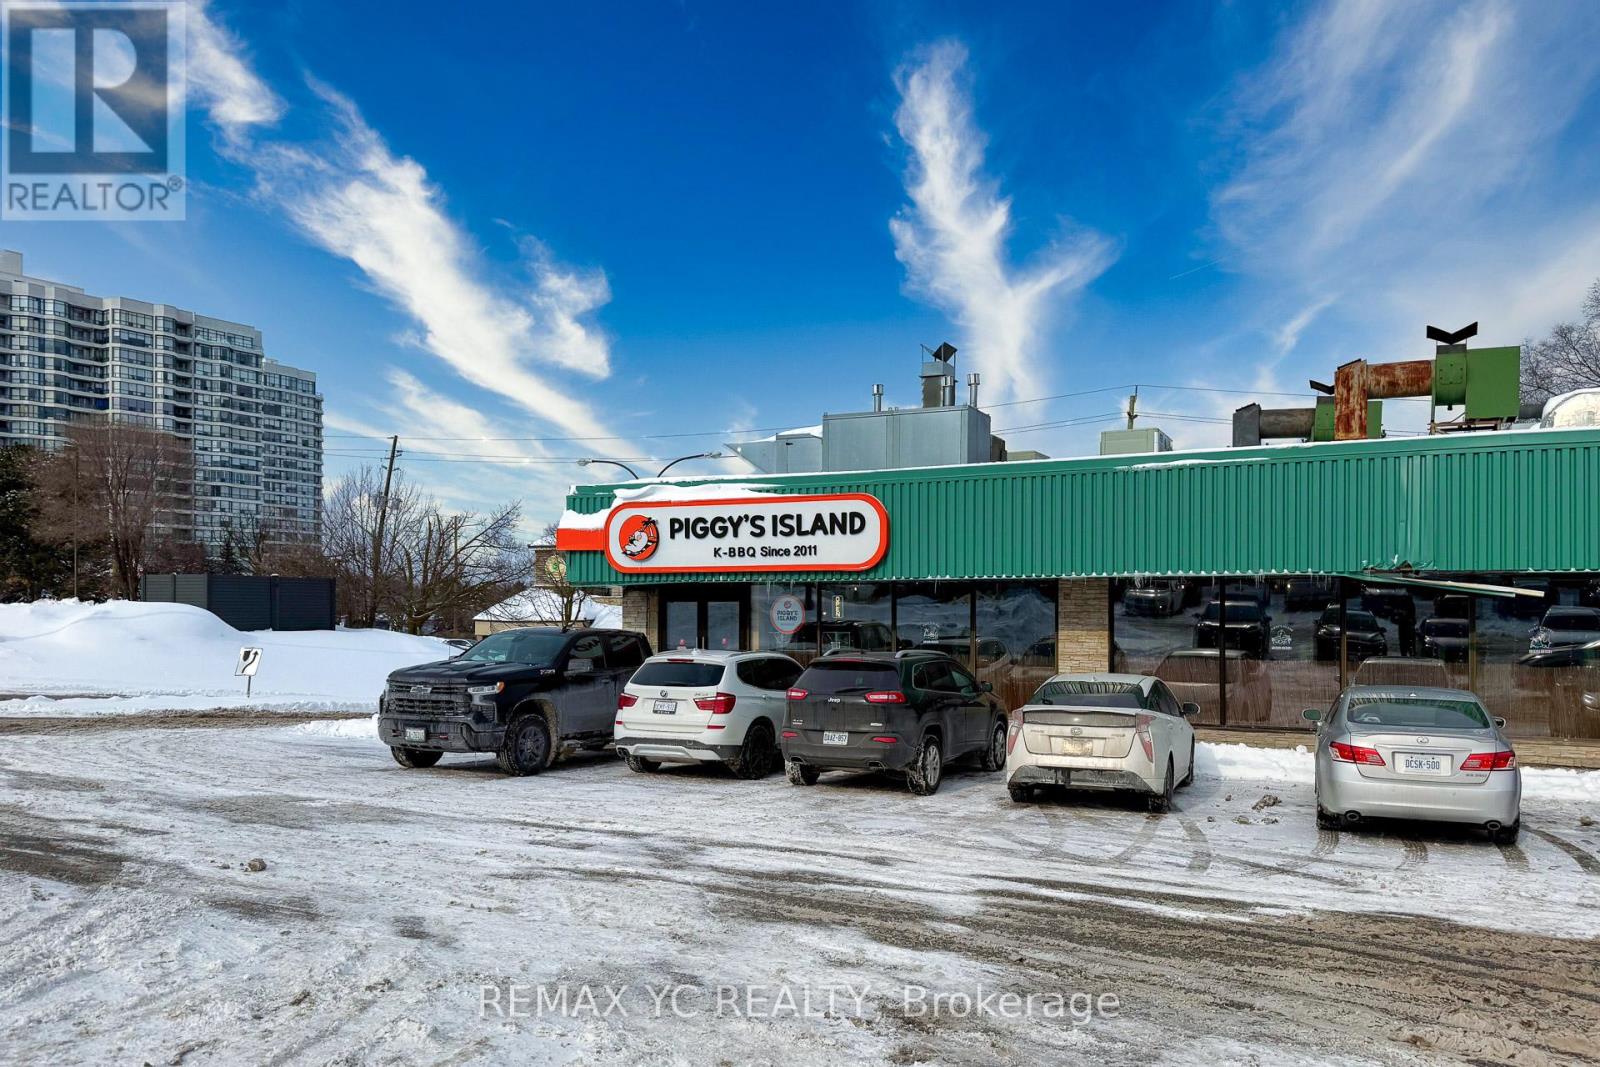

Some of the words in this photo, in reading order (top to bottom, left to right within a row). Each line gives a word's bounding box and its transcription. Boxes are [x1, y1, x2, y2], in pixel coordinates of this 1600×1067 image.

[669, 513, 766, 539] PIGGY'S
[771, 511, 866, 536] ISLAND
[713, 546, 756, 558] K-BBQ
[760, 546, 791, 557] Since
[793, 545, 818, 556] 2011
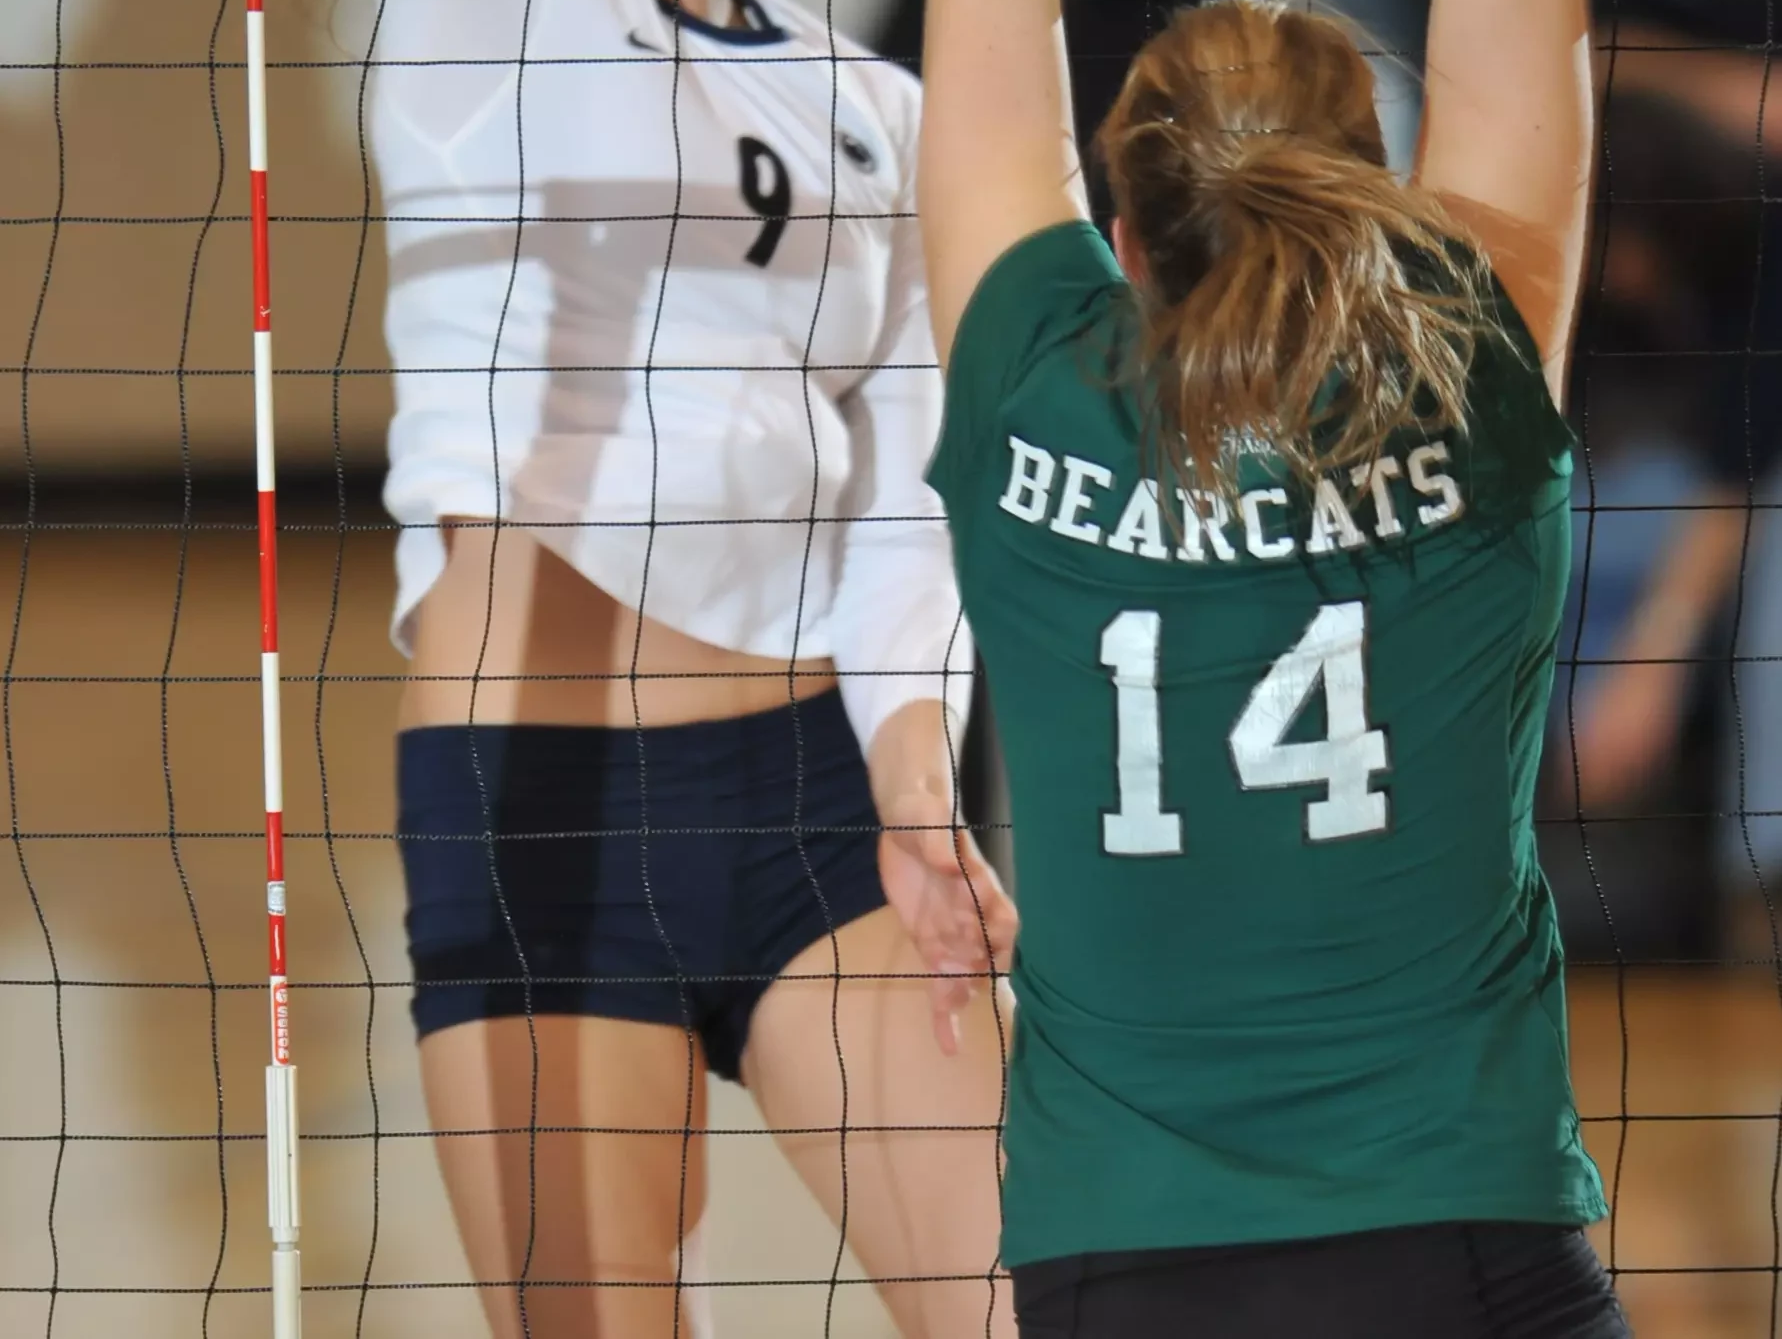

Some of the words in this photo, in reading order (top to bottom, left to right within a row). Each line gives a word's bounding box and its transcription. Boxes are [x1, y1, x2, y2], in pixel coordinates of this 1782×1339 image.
....
Without carrying over any picture, write out the entries above once more, exactly.

Some of the words in this photo, in reading order (top to bottom, left to right within a row). Each line gives a word's bounding box and its transcription. Boxes are [x1, y1, x2, y2], in pixel coordinates of this 1600×1067 image.

[669, 513, 766, 539] PIGGY'S
[771, 511, 866, 536] ISLAND
[713, 546, 756, 558] K-BBQ
[760, 546, 791, 557] Since
[793, 545, 818, 556] 2011

Some of the words in this photo, in reading order (top to bottom, left to right within a row). Each line gives a word's bounding box and its transcription. Boxes are [x1, y1, x2, y2], in pixel coordinates of this 1782×1339 image.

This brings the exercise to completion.